Browsercookies claims that they have found some of the worker’s ChatGPT logs, which they use to write scopes and solve problems.
This is where I feel conflicted. There is of course a contingent in the design industry who is vehemently opposed to LLMs, who are going to have a field day with this story. But there really isn’t anything wrong with using technology to do work like this, and I hope the industry adapts and changes so that we can build abundantly.
The reason this is intolerable and risky is the DPRK isn’t party to the contract that binds engineers to the public good of the society we serve. They probably aren’t checking the results of these models very closely, and they certainly won’t be there to clean it up when things go wrong. Layer on top of that the implications for national security and the whole thing leaves a bad taste in my mouth. Without systems to strictly verify who is doing what work and how, I see this as a big blow to the future of remote design.
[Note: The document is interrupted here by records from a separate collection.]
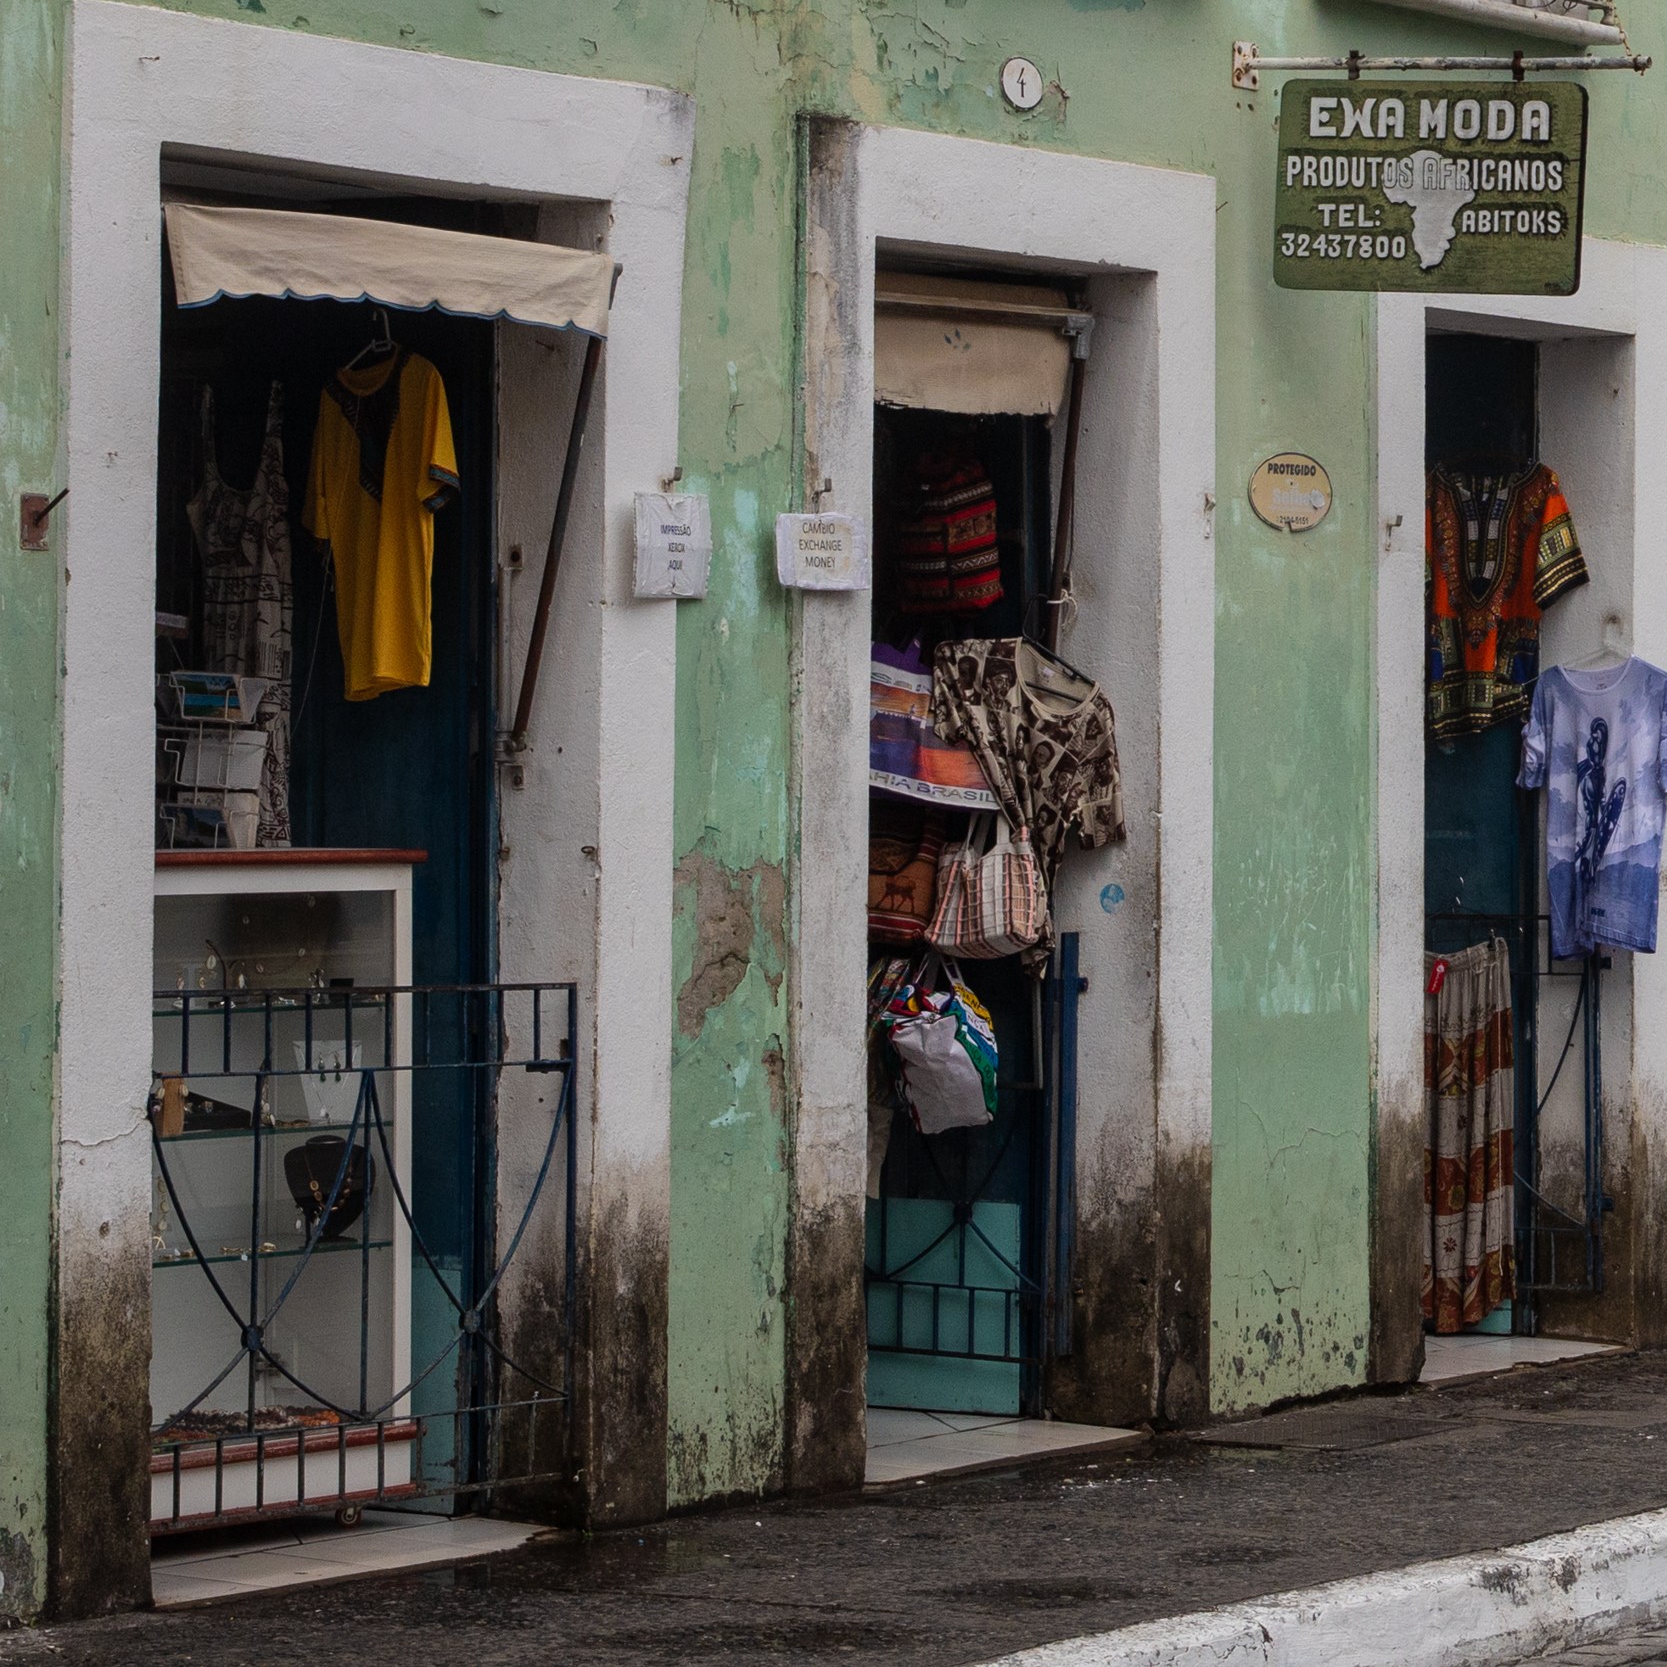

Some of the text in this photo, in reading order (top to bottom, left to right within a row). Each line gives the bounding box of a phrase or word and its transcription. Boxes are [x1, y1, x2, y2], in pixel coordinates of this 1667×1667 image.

[1419, 98, 1550, 141] MODA
[1286, 156, 1563, 192] PRODUTOS AFRICANOS
[1318, 203, 1382, 228] TEL:
[1461, 210, 1562, 234] ABITOKS
[1281, 233, 1406, 259] 32437800
[1267, 463, 1316, 476] PROTEGIDO
[660, 524, 691, 536] IMPRESSÃO
[799, 539, 842, 552] EXCHANGE
[805, 556, 836, 568] MONEY
[917, 781, 996, 803] BRASIL
What do my readers think of this? If you work at a design firm, how do you decide whether to use remote workers? How might your QAQC process change, knowing that this is a threat? What can Professional Engineers do to protect their stamps?
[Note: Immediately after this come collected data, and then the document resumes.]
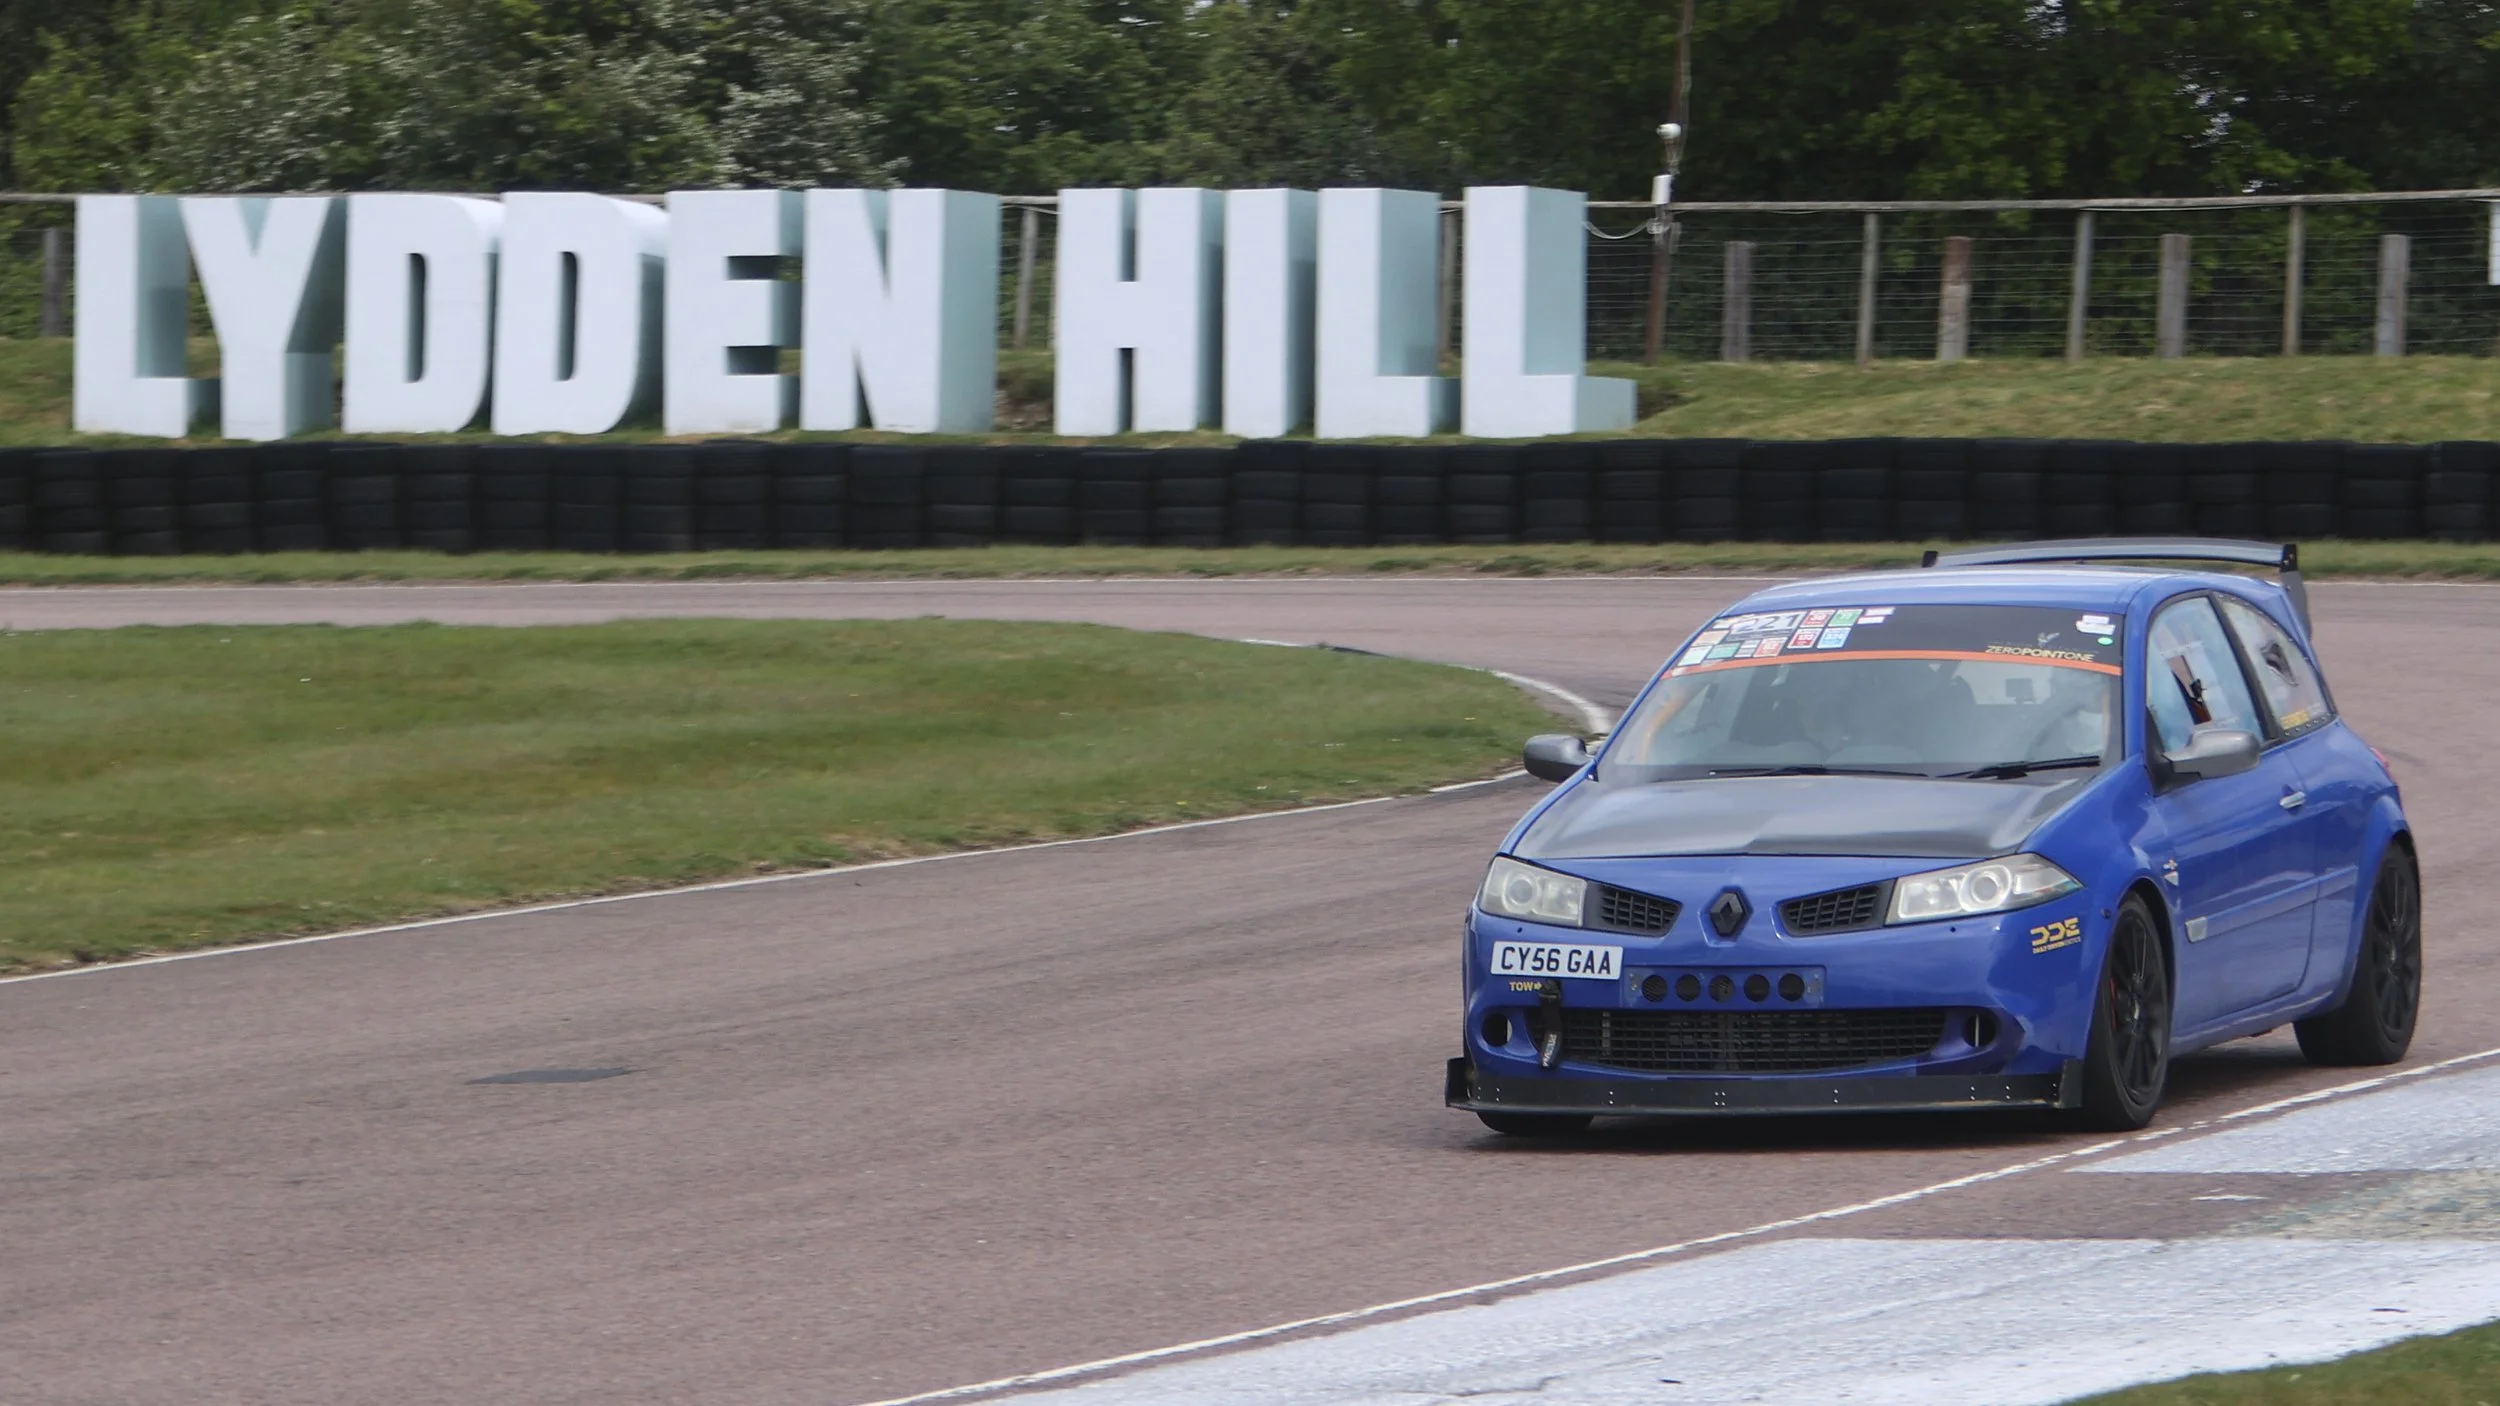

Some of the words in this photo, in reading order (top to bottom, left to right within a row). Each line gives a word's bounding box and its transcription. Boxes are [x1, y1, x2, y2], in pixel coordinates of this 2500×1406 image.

[73, 189, 1000, 440] LYDDEN
[1053, 185, 1637, 438] HILL
[1985, 645, 2096, 662] ZEROPOINTONE
[1501, 946, 1560, 972] CY56
[1567, 949, 1611, 975] GAA
[1509, 981, 1534, 992] TOW
I’d love to hear from you in the comments. Thanks for reading,
-Connor, OfAllTrades
I'm an architect and have a very small design firm. I don't hire remote but know those who do. One of the main reasons I don't is because I think that ours is an apprenticeship model of gaining expertise. I learned from skilled architects by studying our detail library, developing new details, and working with craftsmen on site. From what I can tell, other architects hire remote foreign workers for construction documents, and keep their local teams focused on schematic details and ideas. I imagine this allows them to bill high rates and make an enormous overhead.
I think it's a disservice to younger architects to limit their work to schematic design while outsourcing the drawings of the ways the things are actually built to people outside the region. I think hiring remote shows a lack of faith and trust in our local communities and I think there's a social obligation as a licensed practitioner to promote local relationships.
(It feels like the difference between calling a telehealth doctor in some other state for a quick prescription vs. having a regular gp.)
Oddly, I wouldn't feel as bad having an AI develop construction details.
I will pass your article around our community because other practitioners do hire remotely and this is something to consider.